### Task directions
Will you transcribe all the entries word for word, skipping the pictures they hold?

Collected data:
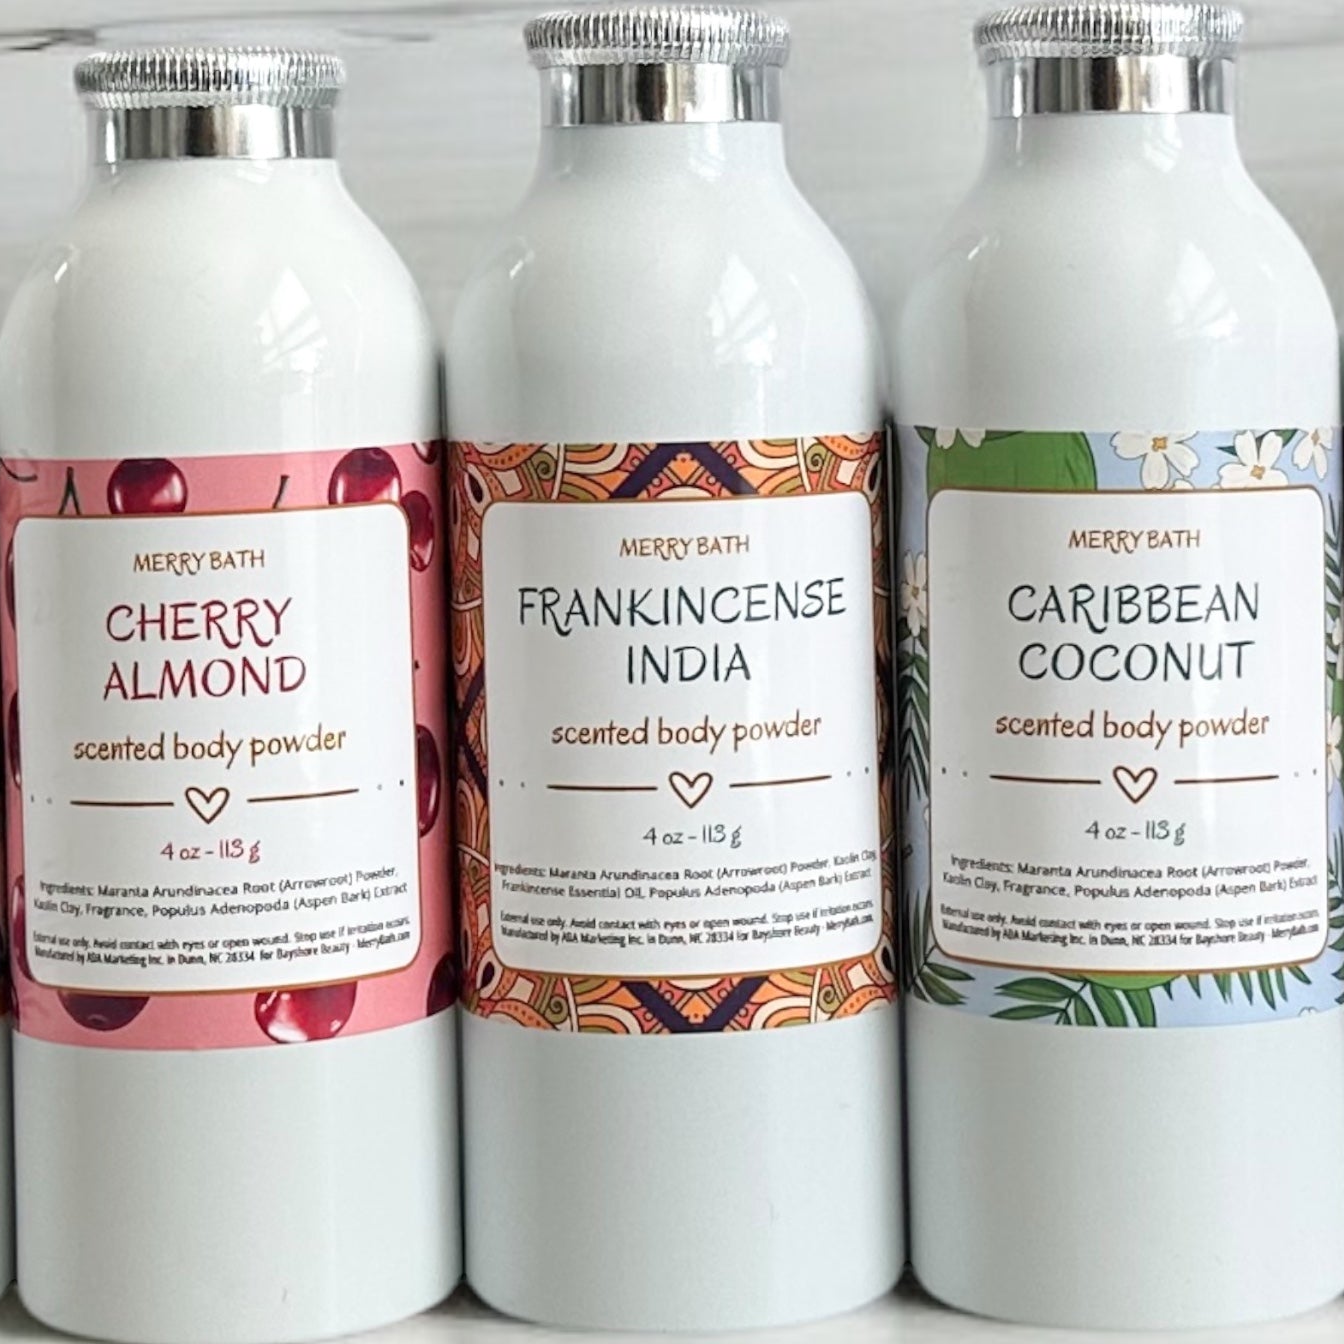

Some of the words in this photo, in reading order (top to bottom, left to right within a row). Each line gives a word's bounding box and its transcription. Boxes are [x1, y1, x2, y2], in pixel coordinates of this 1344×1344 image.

[620, 537, 693, 561] MERRY
[696, 535, 749, 555] BATH
[1069, 530, 1144, 554] MERRY
[1147, 530, 1200, 549] BATH
[133, 552, 206, 576] MERRY
[209, 550, 264, 570] BATH
[107, 598, 292, 649] CHERRY
[519, 577, 846, 637] FRANKINCENSE
[1009, 582, 1258, 634] CARIBBEAN
[104, 656, 306, 700] ALMOND
[628, 643, 751, 684] INDIA
[1019, 641, 1255, 682] COCONUT
[74, 732, 165, 761] scented
[174, 730, 243, 769] body
[249, 723, 346, 766] powder
[552, 717, 649, 745] scented
[658, 715, 726, 755] body
[732, 709, 821, 752] powder
[996, 710, 1094, 738] scented
[1104, 710, 1172, 750] body
[1179, 708, 1269, 748] powder
[161, 843, 174, 860] 4
[180, 847, 200, 860] oz
[220, 840, 244, 858] 113
[248, 840, 260, 864] g
[643, 827, 657, 845] 4
[662, 832, 683, 845] oz
[703, 825, 726, 843] 113
[730, 825, 742, 849] g
[1085, 821, 1100, 839] 4
[1105, 827, 1127, 840] oz
[1146, 820, 1170, 840] 113
[1173, 823, 1186, 846] g

### Answer
Some of the words in this photo, in reading order (top to bottom, left to right within a row). Each line gives a word's bounding box and its transcription. Boxes are [x1, y1, x2, y2], in pixel coordinates of this 1344×1344 image.

[620, 537, 693, 561] MERRY
[696, 535, 749, 555] BATH
[1069, 530, 1144, 554] MERRY
[1147, 530, 1200, 549] BATH
[133, 552, 206, 576] MERRY
[209, 550, 264, 570] BATH
[107, 598, 292, 649] CHERRY
[519, 577, 846, 637] FRANKINCENSE
[1009, 582, 1258, 634] CARIBBEAN
[104, 656, 306, 700] ALMOND
[628, 643, 751, 684] INDIA
[1019, 641, 1255, 682] COCONUT
[74, 732, 165, 761] scented
[174, 730, 243, 769] body
[249, 723, 346, 766] powder
[552, 717, 649, 745] scented
[658, 715, 726, 755] body
[732, 709, 821, 752] powder
[996, 710, 1094, 738] scented
[1104, 710, 1172, 750] body
[1179, 708, 1269, 748] powder
[161, 843, 174, 860] 4
[180, 847, 200, 860] oz
[220, 840, 244, 858] 113
[248, 840, 260, 864] g
[643, 827, 657, 845] 4
[662, 832, 683, 845] oz
[703, 825, 726, 843] 113
[730, 825, 742, 849] g
[1085, 821, 1100, 839] 4
[1105, 827, 1127, 840] oz
[1146, 820, 1170, 840] 113
[1173, 823, 1186, 846] g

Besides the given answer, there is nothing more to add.